WORK ORDER:
Since pictures are not wanted, repeat only the text of the records, word for word.

MATERIAL SHOWN:

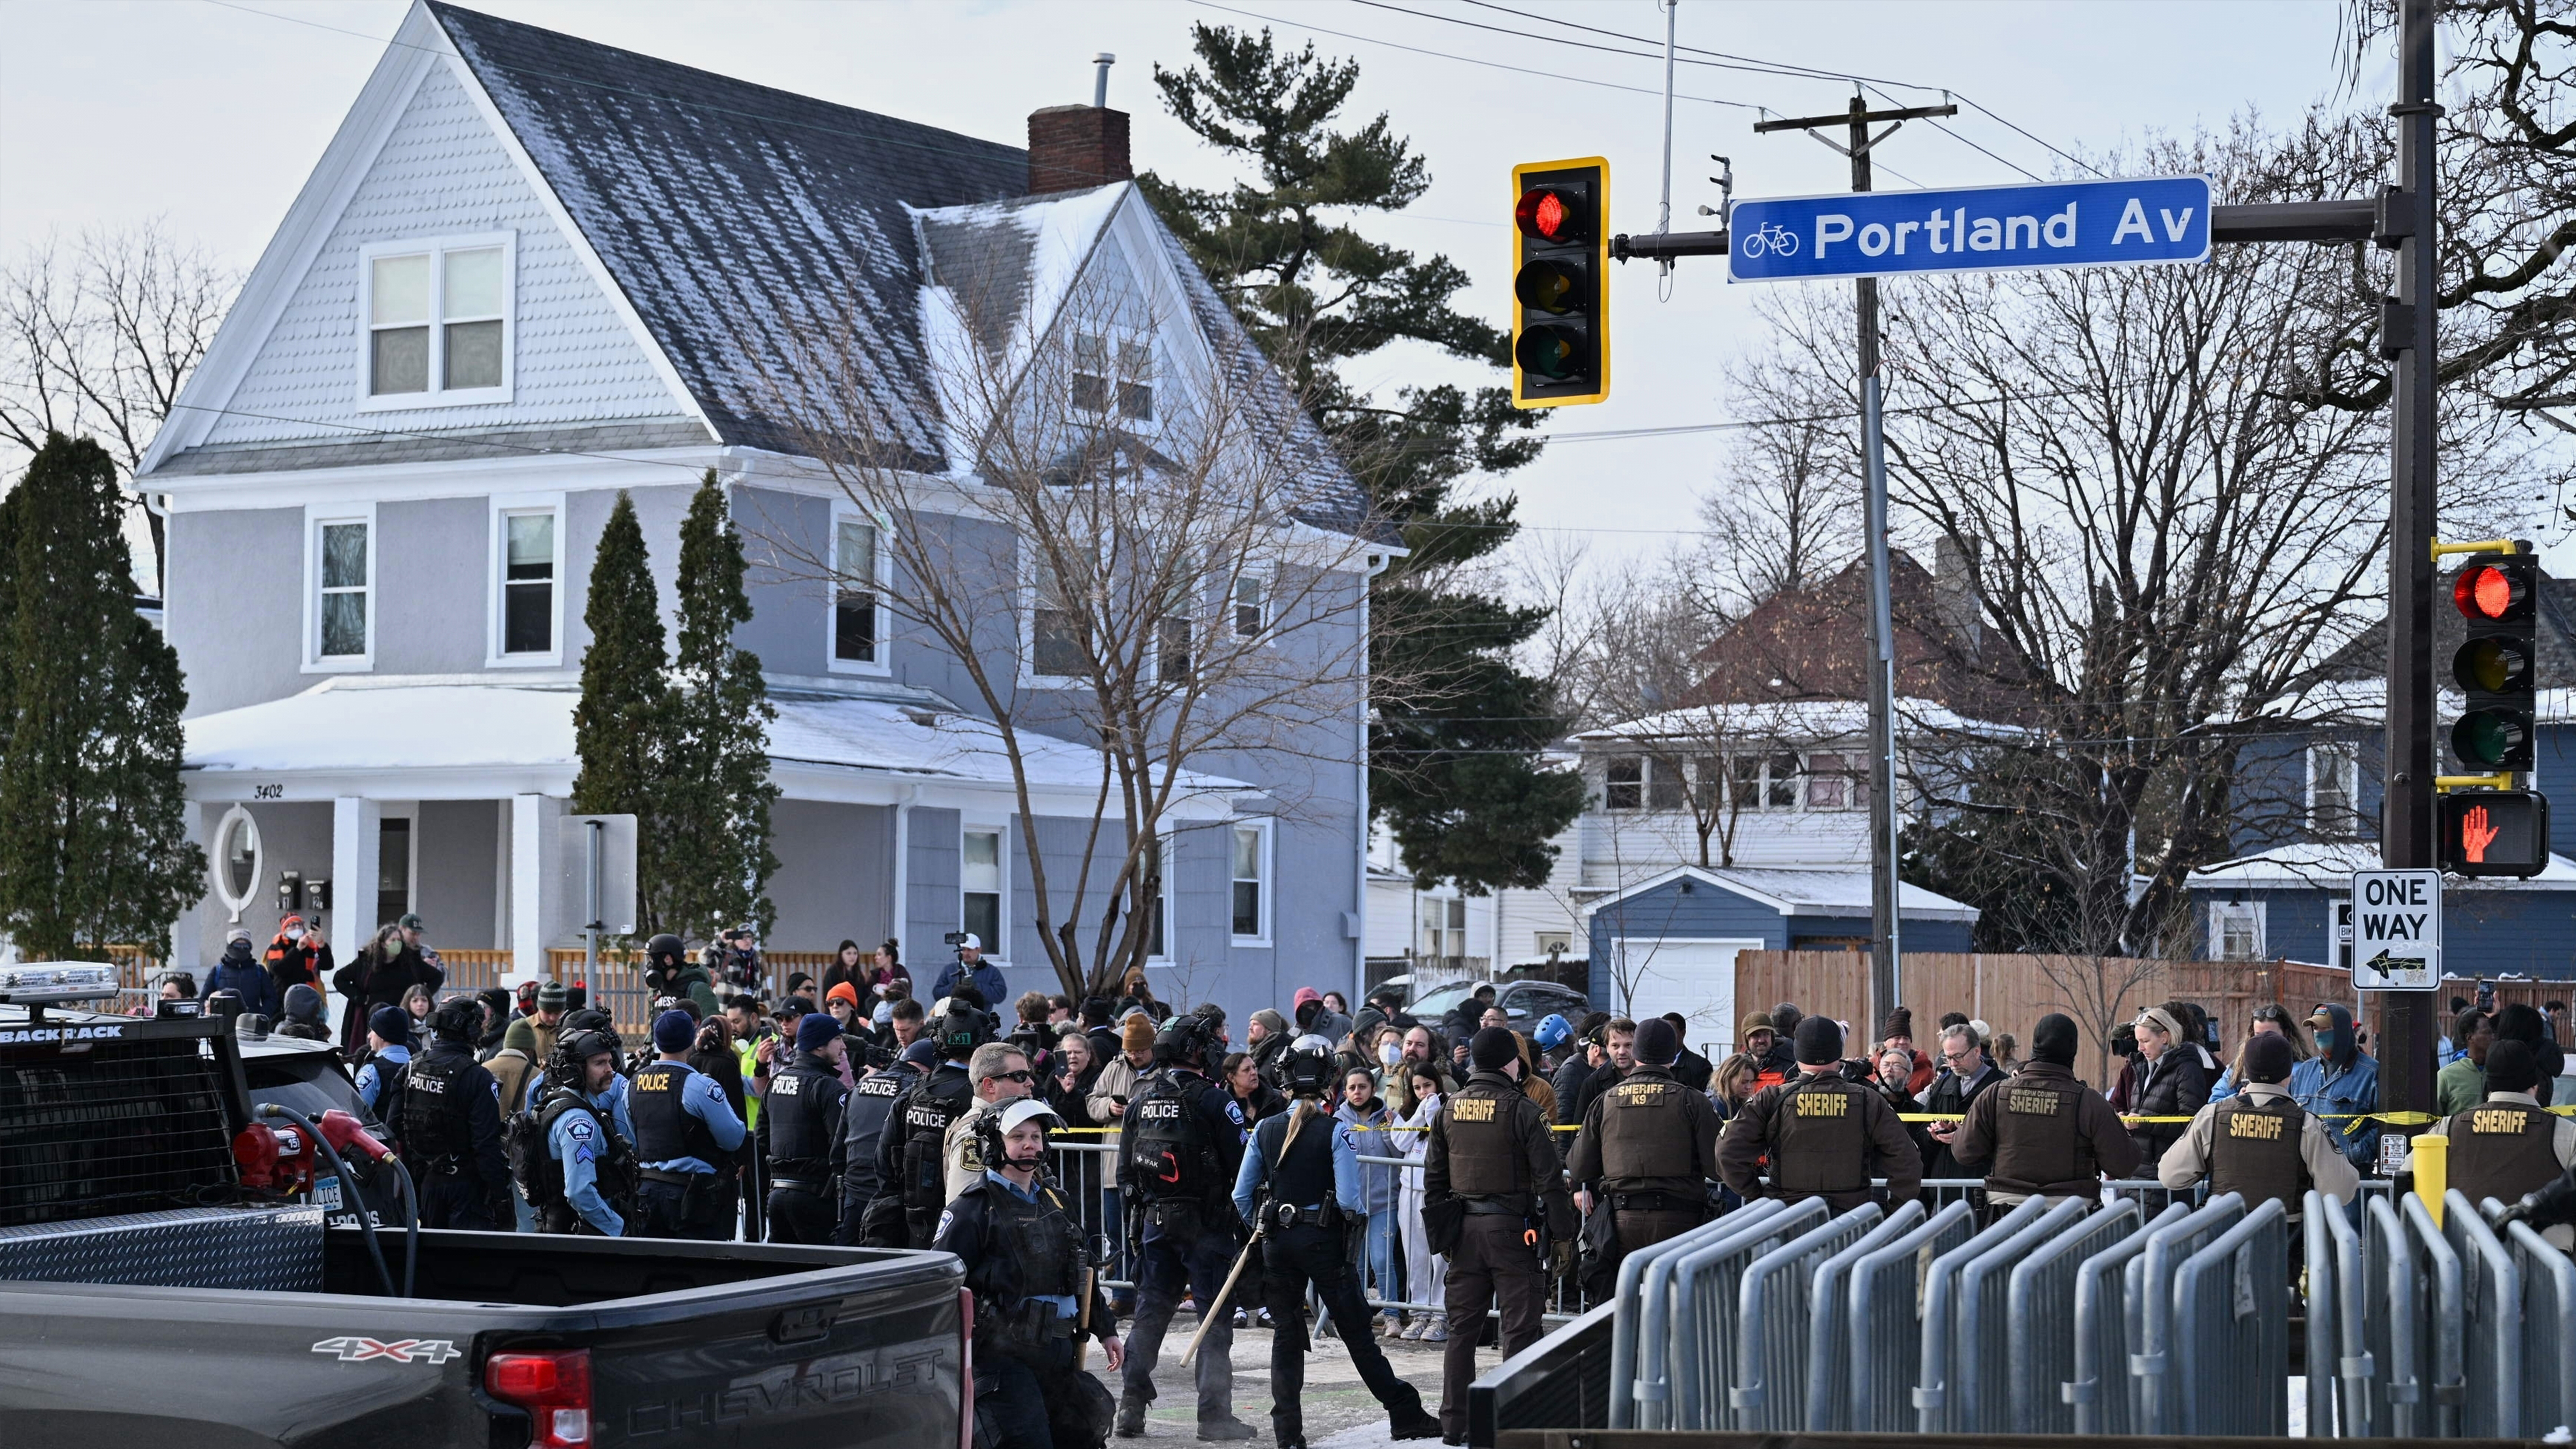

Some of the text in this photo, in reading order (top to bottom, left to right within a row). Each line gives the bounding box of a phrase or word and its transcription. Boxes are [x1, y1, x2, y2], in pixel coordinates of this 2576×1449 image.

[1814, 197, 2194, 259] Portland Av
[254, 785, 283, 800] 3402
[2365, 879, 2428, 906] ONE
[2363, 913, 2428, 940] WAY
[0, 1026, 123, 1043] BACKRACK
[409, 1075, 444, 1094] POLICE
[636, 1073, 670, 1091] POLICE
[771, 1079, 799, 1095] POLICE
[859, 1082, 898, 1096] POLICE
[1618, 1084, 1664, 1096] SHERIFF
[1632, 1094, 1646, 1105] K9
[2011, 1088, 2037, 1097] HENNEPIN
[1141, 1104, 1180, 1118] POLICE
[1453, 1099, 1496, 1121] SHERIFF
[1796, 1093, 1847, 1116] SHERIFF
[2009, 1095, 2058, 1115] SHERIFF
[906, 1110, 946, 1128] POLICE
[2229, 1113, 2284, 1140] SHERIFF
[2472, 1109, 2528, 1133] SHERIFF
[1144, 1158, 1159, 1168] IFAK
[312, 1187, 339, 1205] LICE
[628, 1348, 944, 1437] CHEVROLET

RESPONSE BOX:
Some of the text in this photo, in reading order (top to bottom, left to right within a row). Each line gives the bounding box of a phrase or word and its transcription. Boxes are [x1, y1, x2, y2], in pixel coordinates of this 2576×1449 image.

[1814, 197, 2194, 259] Portland Av
[254, 785, 283, 800] 3402
[2365, 879, 2428, 906] ONE
[2363, 913, 2428, 940] WAY
[0, 1026, 123, 1043] BACKRACK
[409, 1075, 444, 1094] POLICE
[636, 1073, 670, 1091] POLICE
[771, 1079, 799, 1095] POLICE
[859, 1082, 898, 1096] POLICE
[1618, 1084, 1664, 1096] SHERIFF
[1632, 1094, 1646, 1105] K9
[2011, 1088, 2037, 1097] HENNEPIN
[1141, 1104, 1180, 1118] POLICE
[1453, 1099, 1496, 1121] SHERIFF
[1796, 1093, 1847, 1116] SHERIFF
[2009, 1095, 2058, 1115] SHERIFF
[906, 1110, 946, 1128] POLICE
[2229, 1113, 2284, 1140] SHERIFF
[2472, 1109, 2528, 1133] SHERIFF
[1144, 1158, 1159, 1168] IFAK
[312, 1187, 339, 1205] LICE
[628, 1348, 944, 1437] CHEVROLET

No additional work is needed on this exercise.